[Text-to-region grounding data]
- Opening Delimiter -

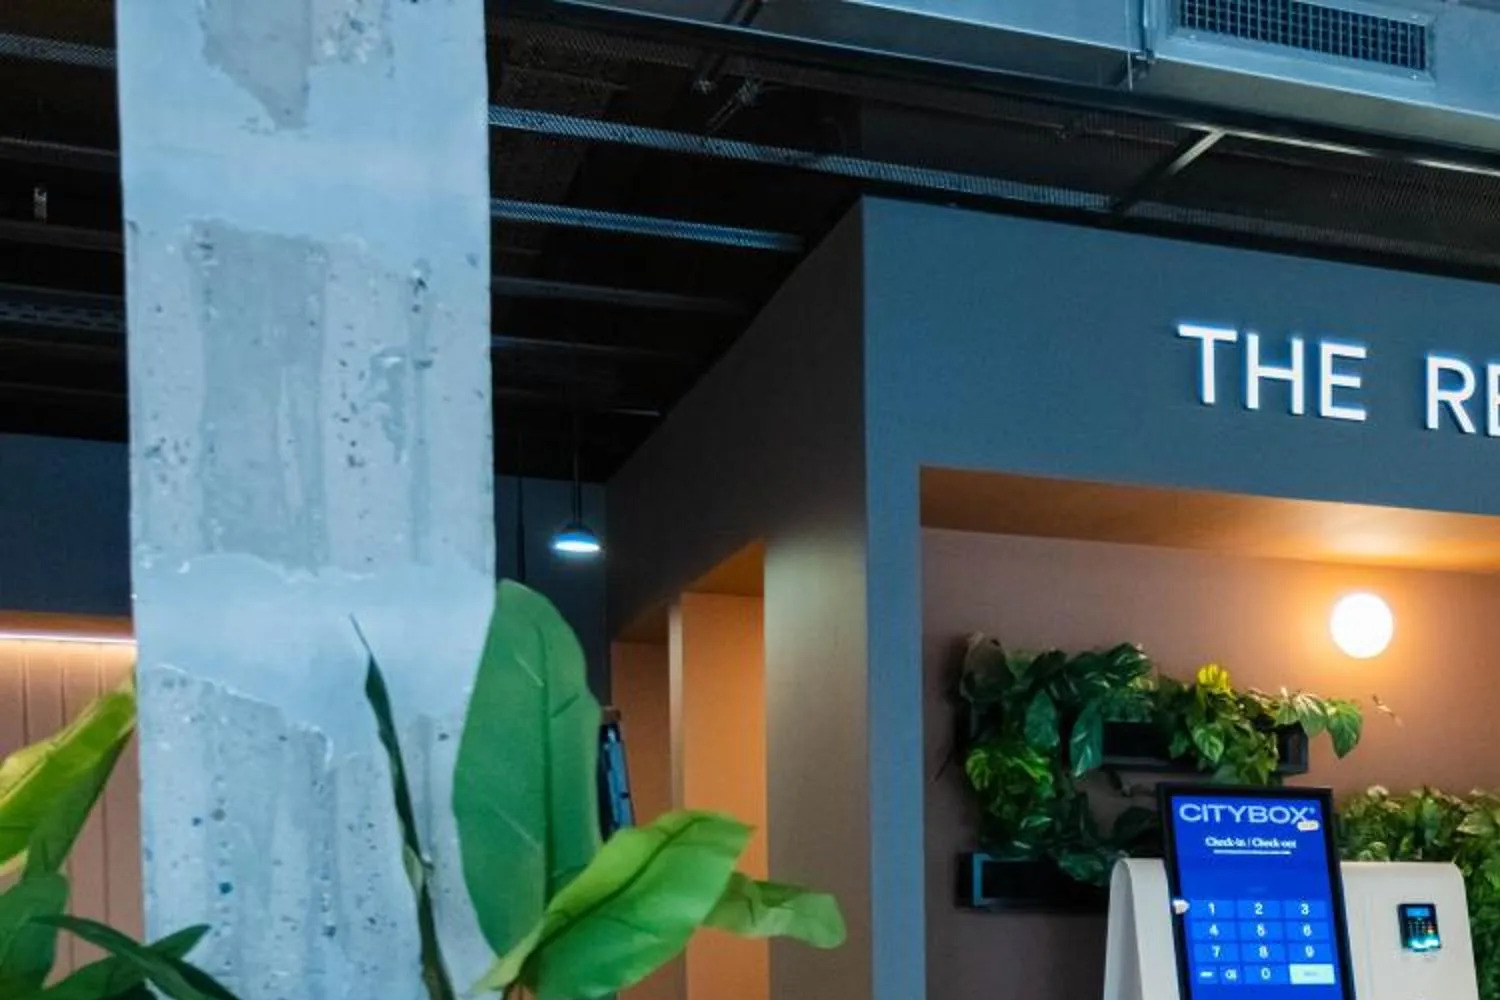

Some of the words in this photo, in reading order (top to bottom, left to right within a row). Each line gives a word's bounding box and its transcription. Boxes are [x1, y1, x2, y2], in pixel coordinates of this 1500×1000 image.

[1177, 323, 1367, 422] THE
[1179, 803, 1308, 825] CITYBOX
[1208, 902, 1216, 916] 1
[1254, 902, 1264, 916] 2
[1300, 902, 1310, 916] 3
[1208, 923, 1219, 937] 4
[1256, 923, 1266, 937] 5
[1303, 923, 1312, 937] 6
[1211, 945, 1221, 958] 7
[1259, 945, 1269, 959] 8
[1305, 945, 1315, 958] 9
[1260, 967, 1271, 980] 0
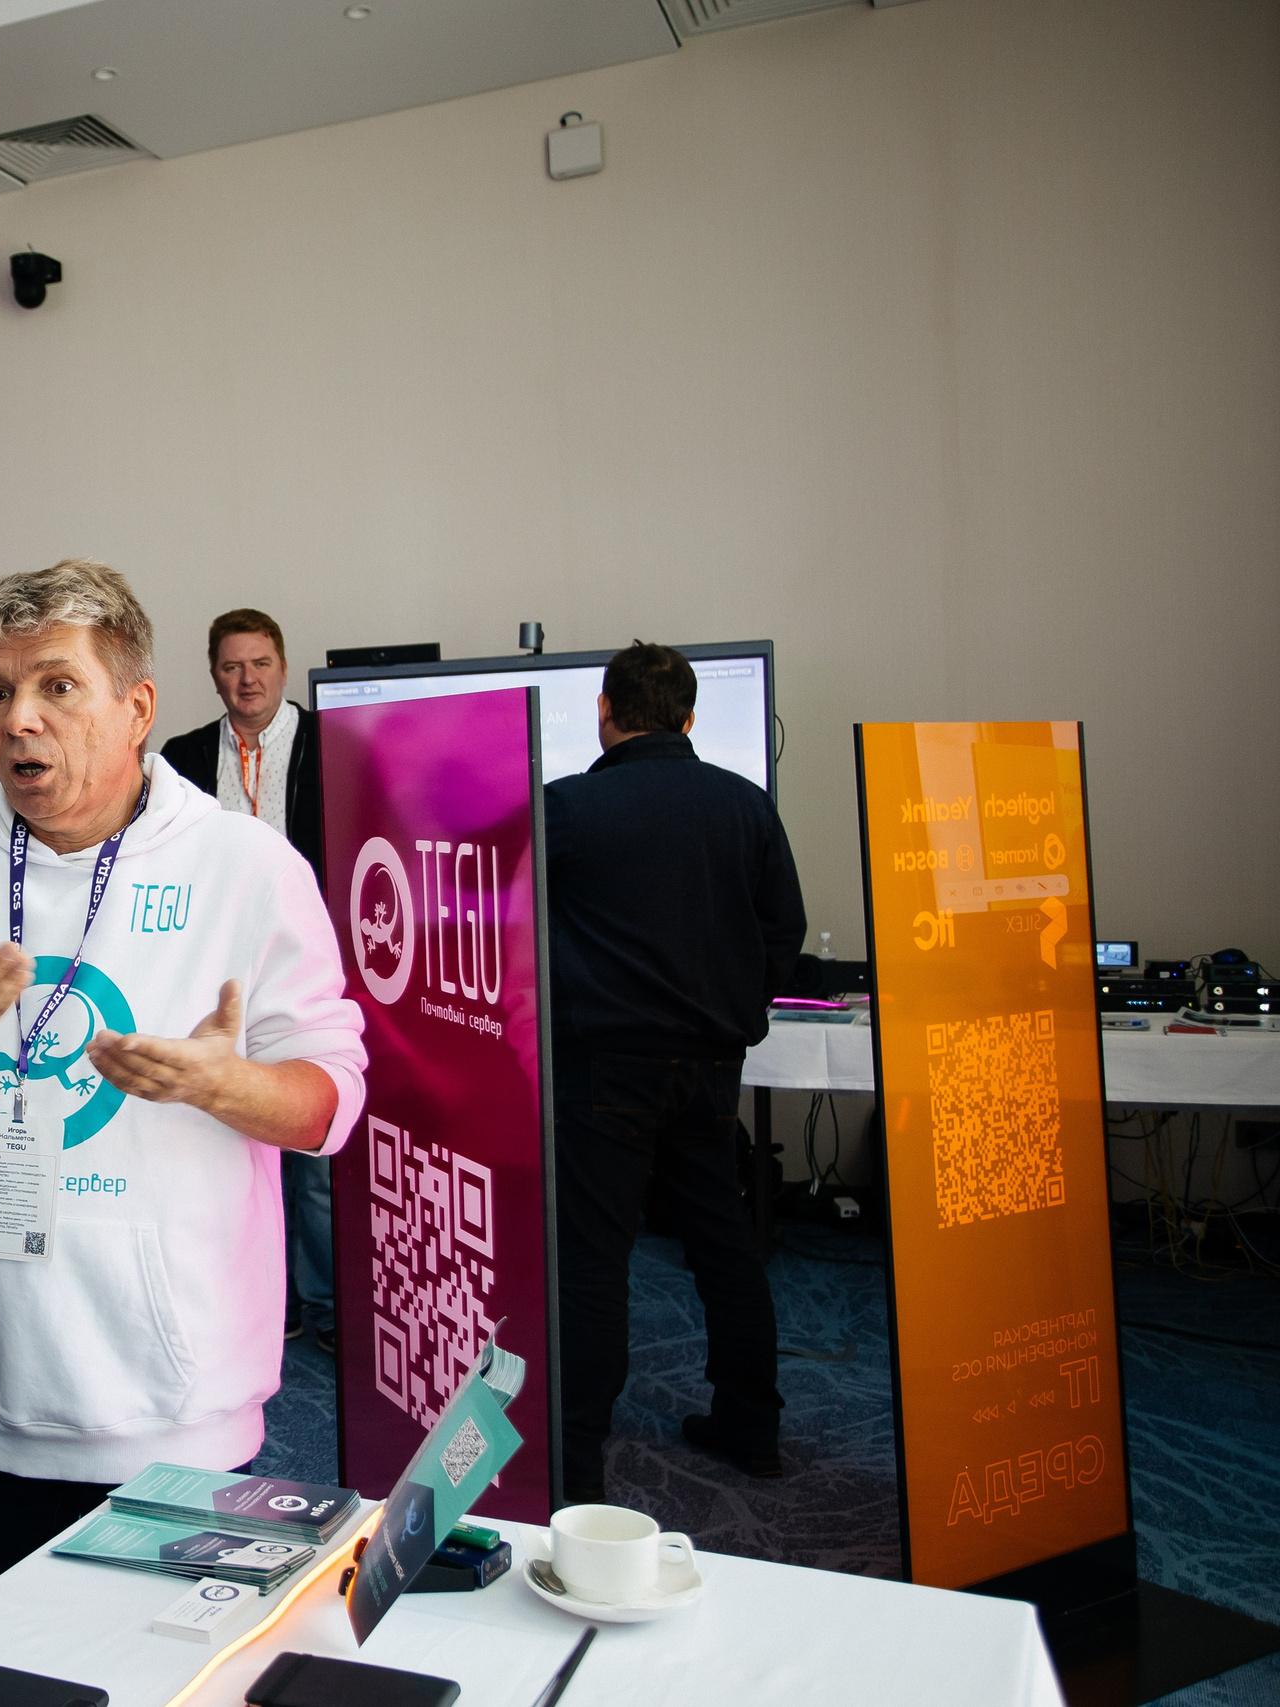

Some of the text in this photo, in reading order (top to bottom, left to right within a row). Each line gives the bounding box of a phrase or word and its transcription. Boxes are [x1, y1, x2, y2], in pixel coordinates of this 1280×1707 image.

[13, 881, 21, 911] OCS
[131, 883, 192, 934] TEGU
[415, 838, 502, 1005] TEGU
[421, 996, 502, 1041] Почтовый сервер
[6, 1142, 27, 1151] TEGU
[7, 1126, 28, 1136] Игорь

- Closing Delimiter -

# WHAT YOU ARE ASKED TO DO
Your job is to copy each entry exactly as written; the pictures do not go in.

# EXERCISE RESPONSE
Some of the words in this photo, in reading order (top to bottom, left to right within a row). Each line gives a word's bounding box and its transcription. Boxes are [x1, y1, x2, y2], in pixel coordinates of this 1500×1000 image.

[1177, 323, 1367, 422] THE
[1179, 803, 1308, 825] CITYBOX
[1208, 902, 1216, 916] 1
[1254, 902, 1264, 916] 2
[1300, 902, 1310, 916] 3
[1208, 923, 1219, 937] 4
[1256, 923, 1266, 937] 5
[1303, 923, 1312, 937] 6
[1211, 945, 1221, 958] 7
[1259, 945, 1269, 959] 8
[1305, 945, 1315, 958] 9
[1260, 967, 1271, 980] 0

Some of the text in this photo, in reading order (top to bottom, left to right within a row). Each line gives the bounding box of a phrase or word and its transcription. Boxes are [x1, y1, x2, y2], in pixel coordinates of this 1280×1707 image.

[13, 881, 21, 911] OCS
[131, 883, 192, 934] TEGU
[415, 838, 502, 1005] TEGU
[421, 996, 502, 1041] Почтовый сервер
[6, 1142, 27, 1151] TEGU
[7, 1126, 28, 1136] Игорь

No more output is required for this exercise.